> **WORK TO BE COMPLETED**
Only the pictures should be left out; repeat the rest of the data exactly.

+++

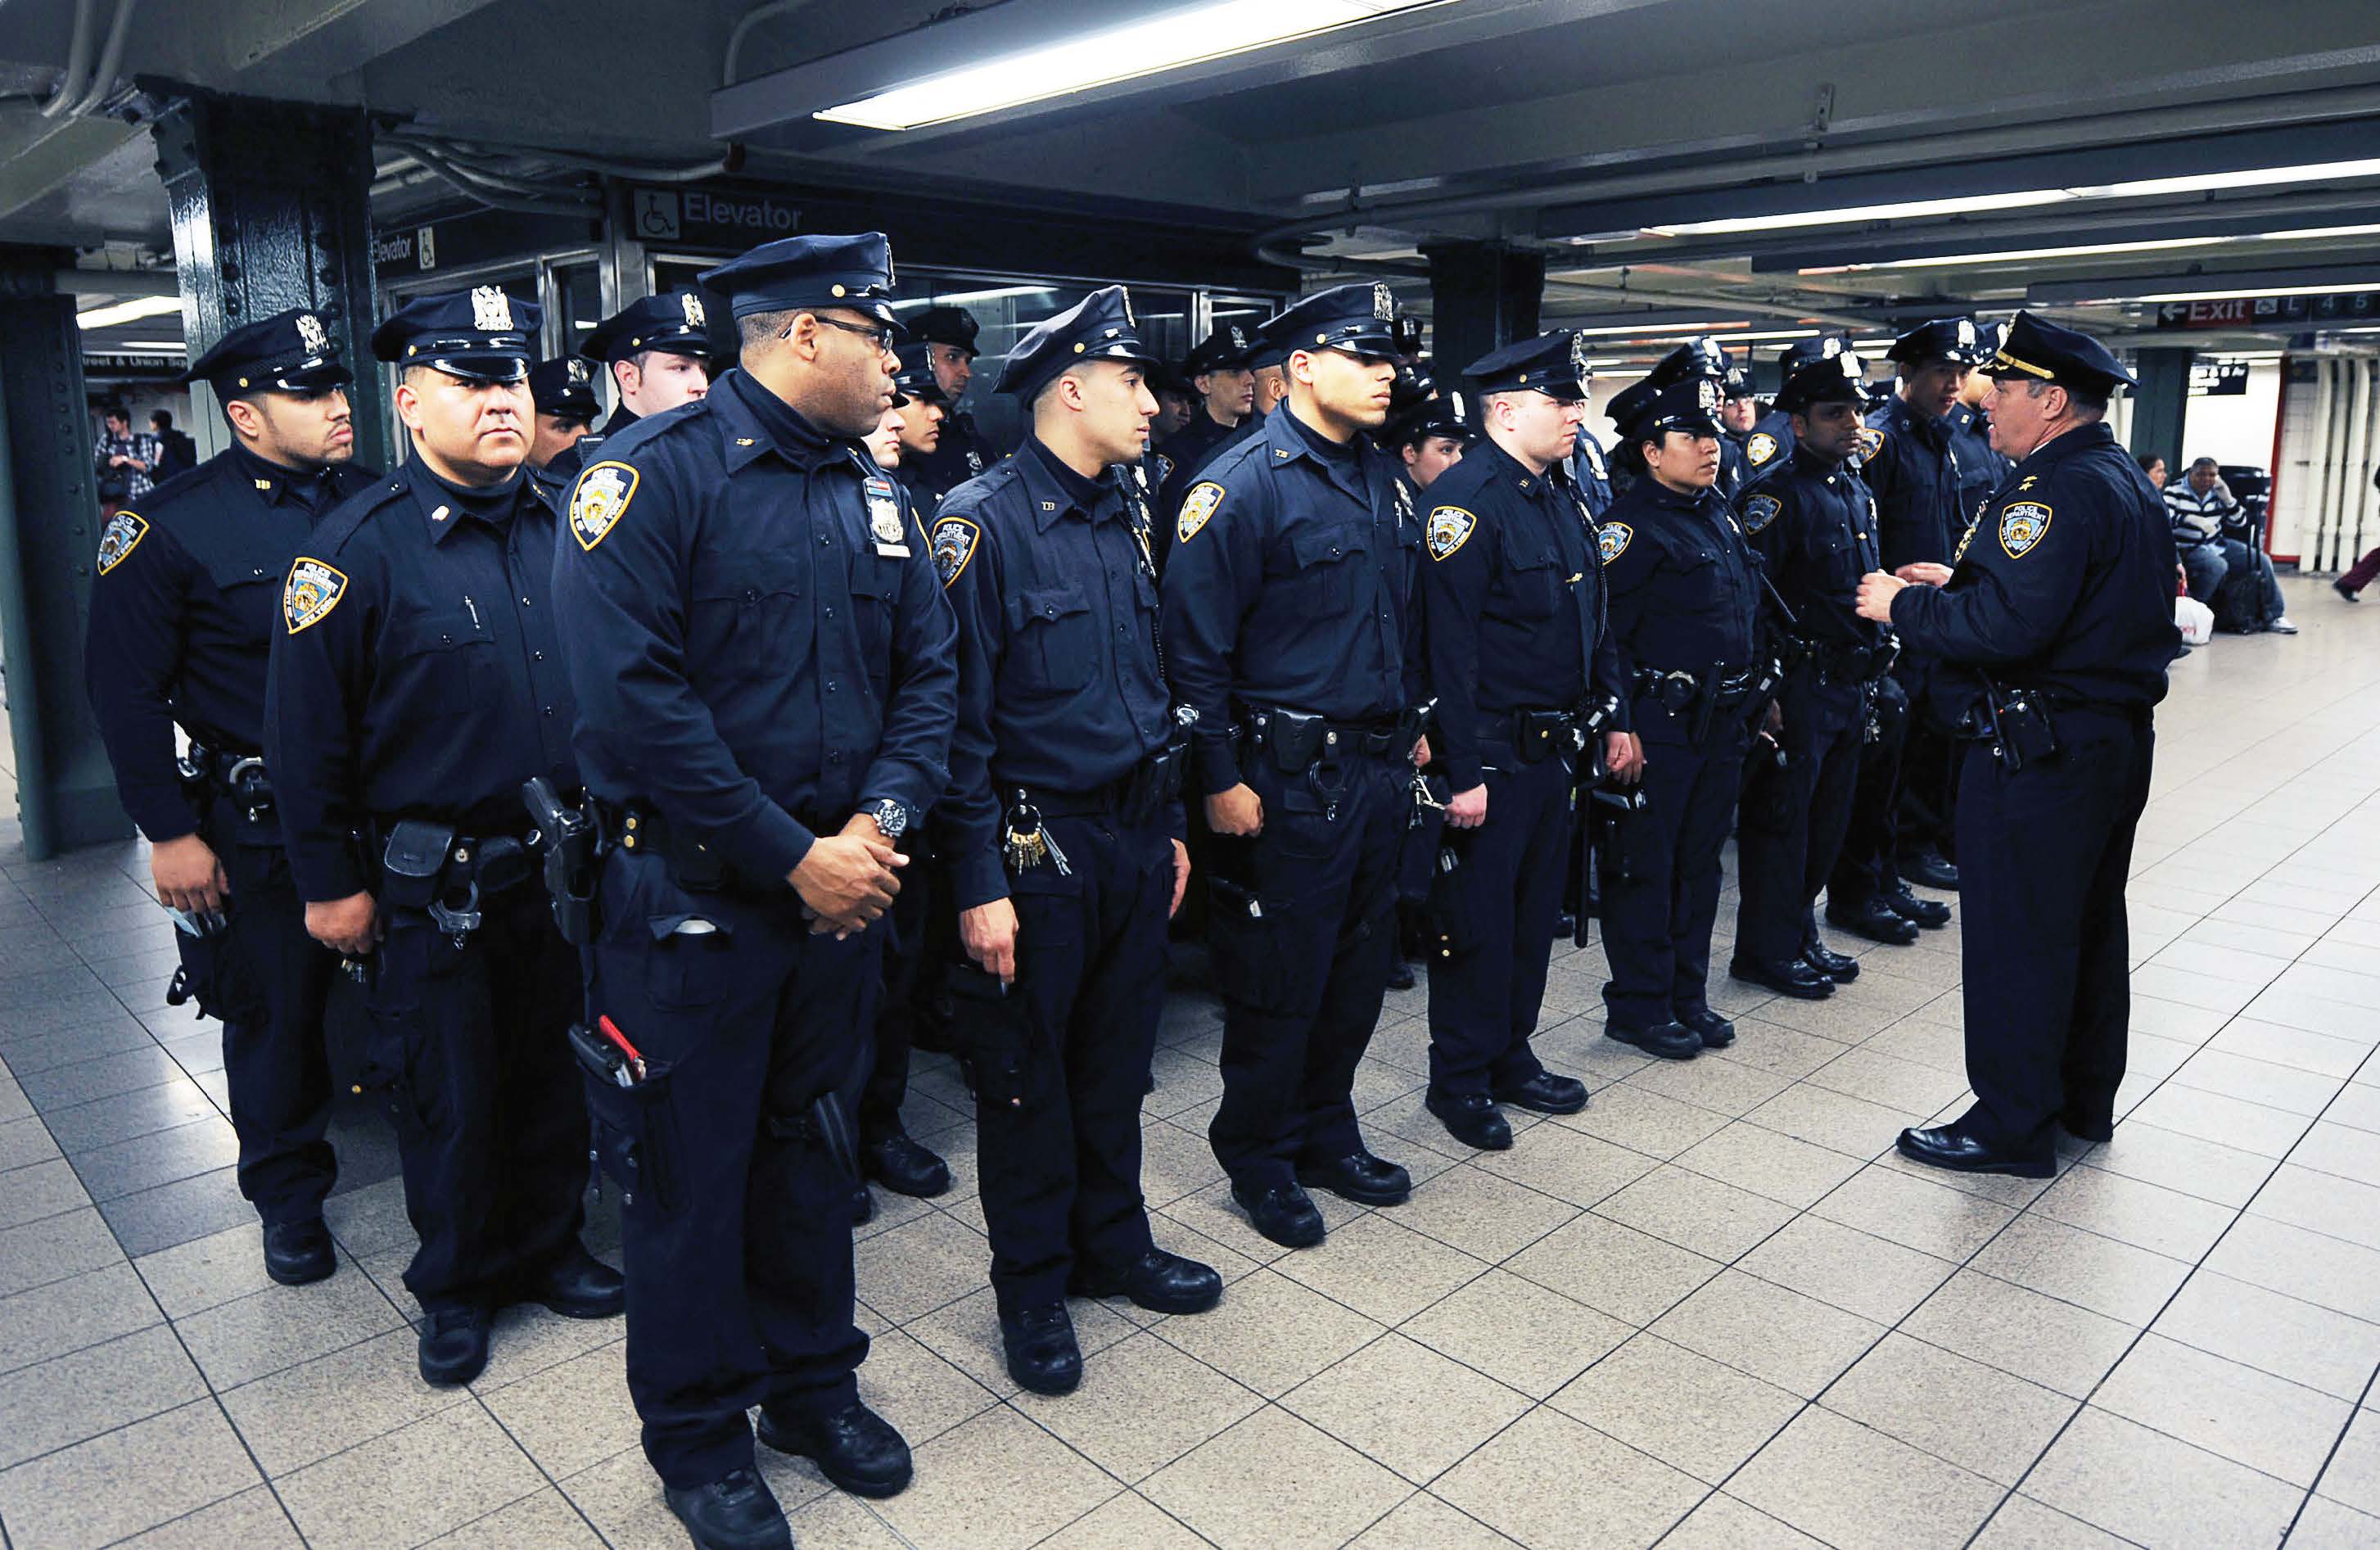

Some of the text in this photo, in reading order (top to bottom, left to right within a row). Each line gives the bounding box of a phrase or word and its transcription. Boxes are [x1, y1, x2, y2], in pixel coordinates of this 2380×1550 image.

[683, 192, 802, 230] Elevator
[2189, 298, 2246, 321] Exit
[2014, 505, 2038, 513] POLICE
[294, 570, 338, 593] DEPARTMENT
[305, 563, 331, 579] POLICE
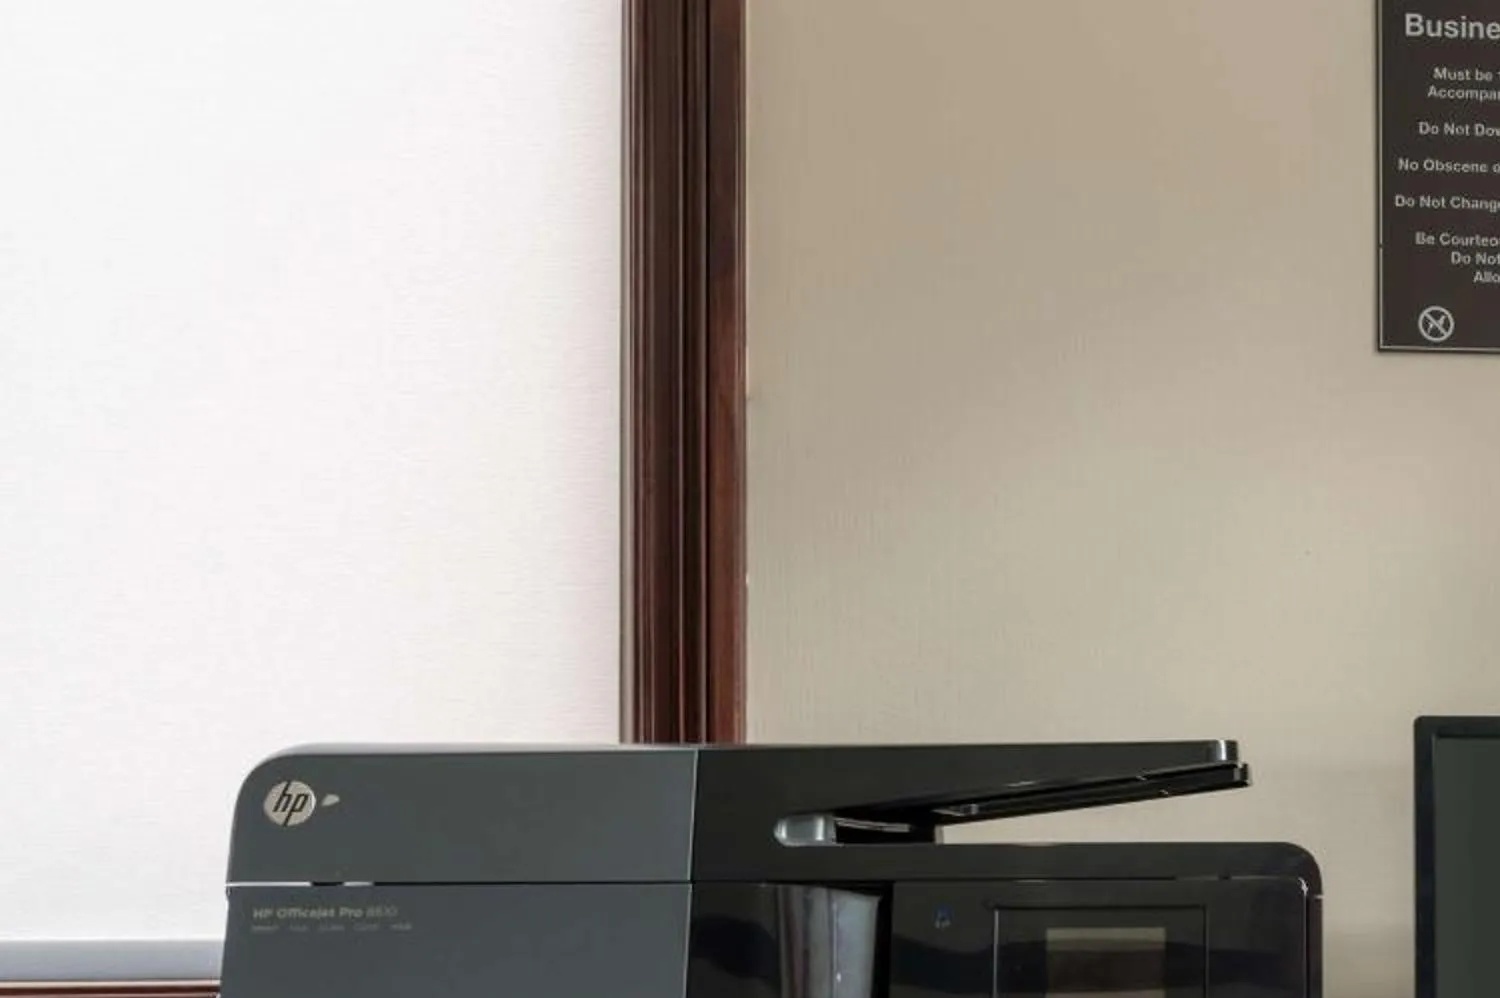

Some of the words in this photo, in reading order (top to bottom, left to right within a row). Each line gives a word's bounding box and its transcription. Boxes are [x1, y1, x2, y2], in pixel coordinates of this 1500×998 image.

[1432, 66, 1471, 81] Must
[1475, 68, 1493, 82] be
[1418, 121, 1439, 135] Do
[1443, 122, 1471, 137] Not
[1397, 158, 1419, 172] No
[1423, 159, 1488, 173] Obscene
[1395, 194, 1415, 207] Do
[1419, 195, 1446, 209] Not
[1415, 231, 1435, 245] Be
[1450, 251, 1471, 265] Do
[272, 779, 309, 828] hp
[338, 906, 363, 919] Pro
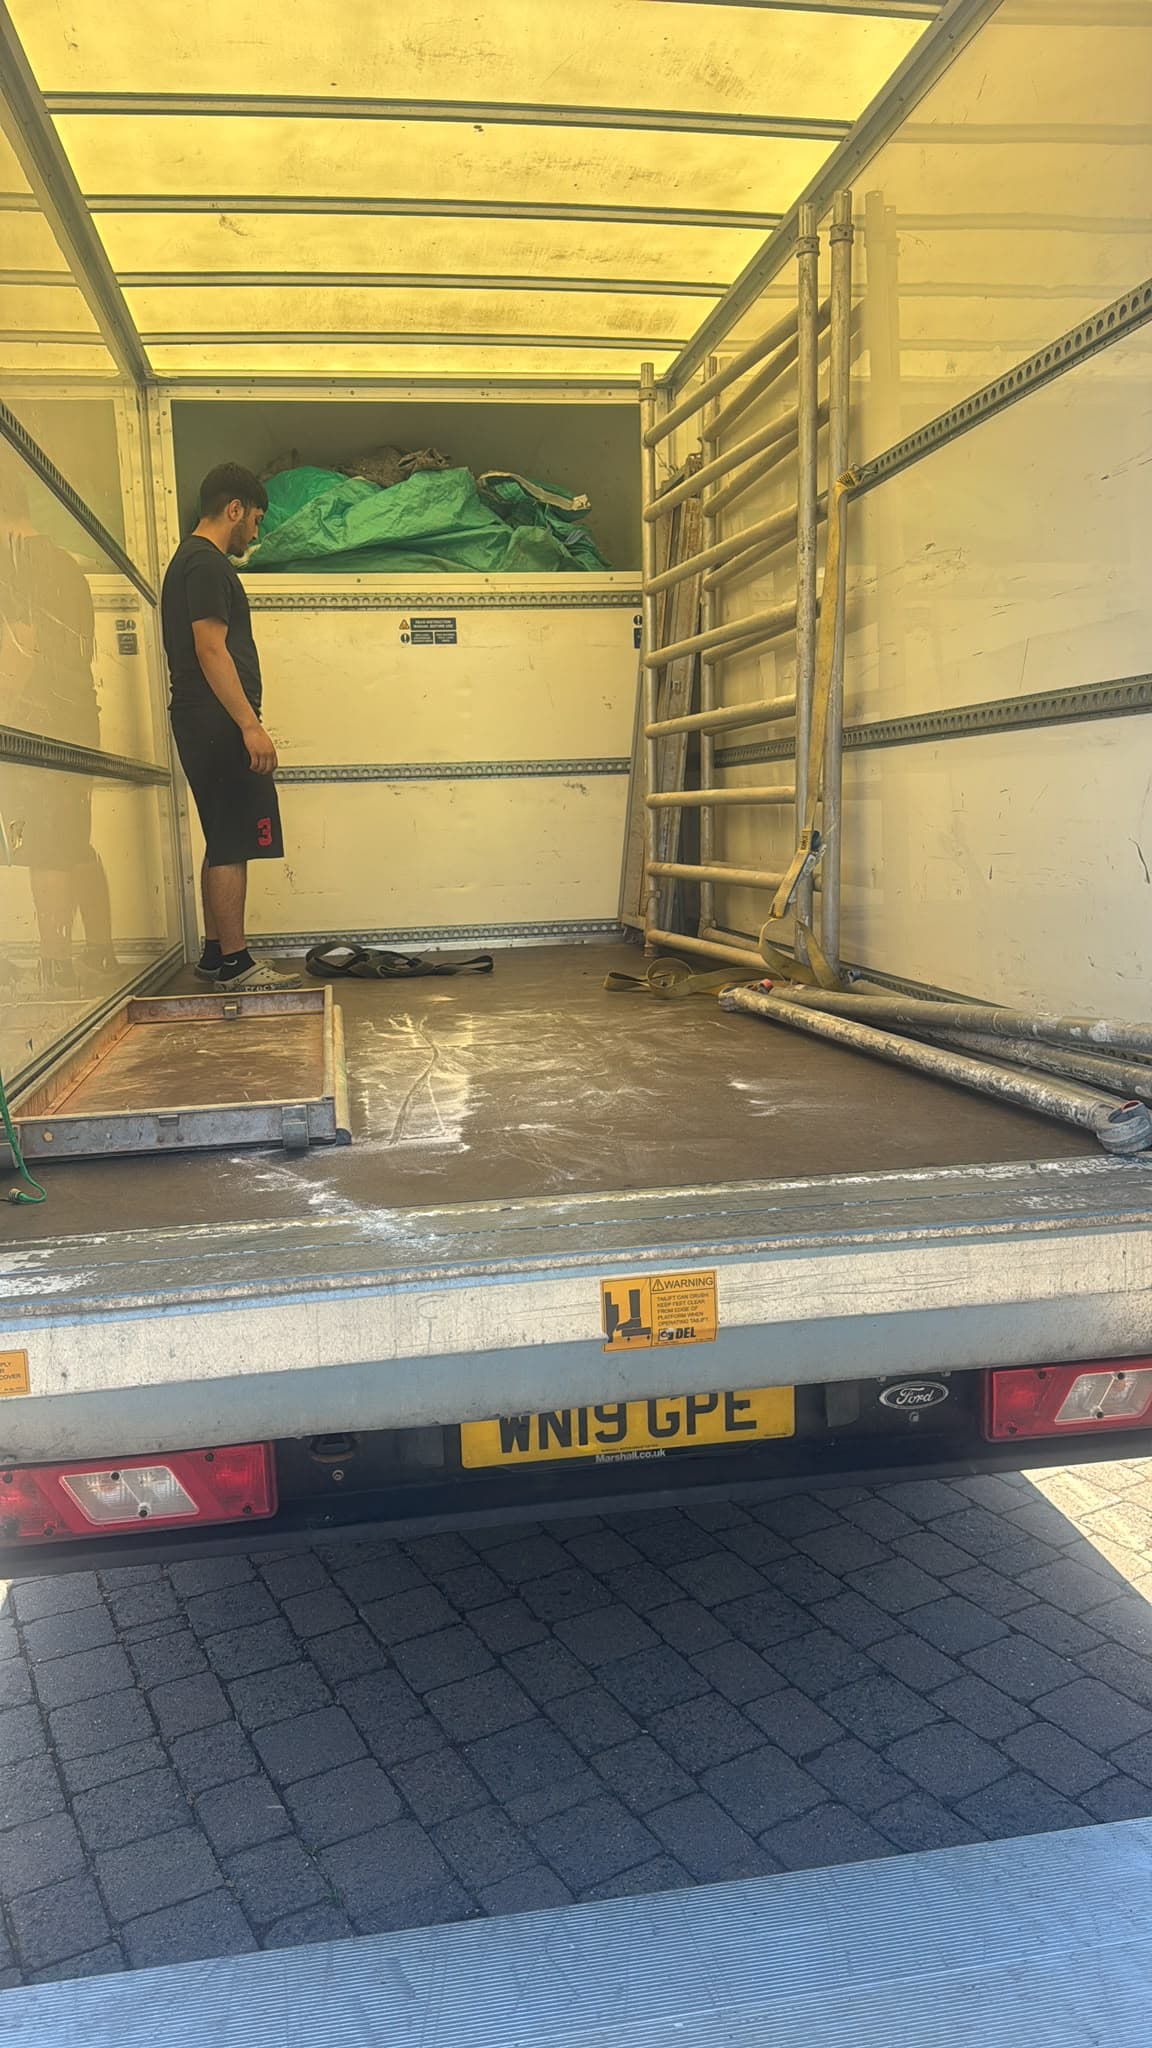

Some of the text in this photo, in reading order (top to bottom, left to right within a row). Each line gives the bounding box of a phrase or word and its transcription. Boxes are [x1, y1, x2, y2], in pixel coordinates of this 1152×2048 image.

+++

> **RESPONSE TO THE TASK**
Some of the text in this photo, in reading order (top to bottom, left to right within a row). Each line gives the bounding box of a phrase or word and its transcription. Boxes are [x1, y1, x2, y2], in pixel coordinates of this 2380×1550 image.

[683, 192, 802, 230] Elevator
[2189, 298, 2246, 321] Exit
[2014, 505, 2038, 513] POLICE
[294, 570, 338, 593] DEPARTMENT
[305, 563, 331, 579] POLICE

Some of the words in this photo, in reading order (top to bottom, left to right within a row). Each line gives a word's bounding box and its transcription. Boxes are [x1, y1, x2, y2], in pixel coordinates of this 1500×998 image.

[1432, 66, 1471, 81] Must
[1475, 68, 1493, 82] be
[1418, 121, 1439, 135] Do
[1443, 122, 1471, 137] Not
[1397, 158, 1419, 172] No
[1423, 159, 1488, 173] Obscene
[1395, 194, 1415, 207] Do
[1419, 195, 1446, 209] Not
[1415, 231, 1435, 245] Be
[1450, 251, 1471, 265] Do
[272, 779, 309, 828] hp
[338, 906, 363, 919] Pro

Some of the text in this photo, in reading order (top to bottom, left to right within a row). Each line gives the bounding box of a phrase or word and its transcription. Boxes are [x1, y1, x2, y2], in pixel coordinates of this 1152×2048 image.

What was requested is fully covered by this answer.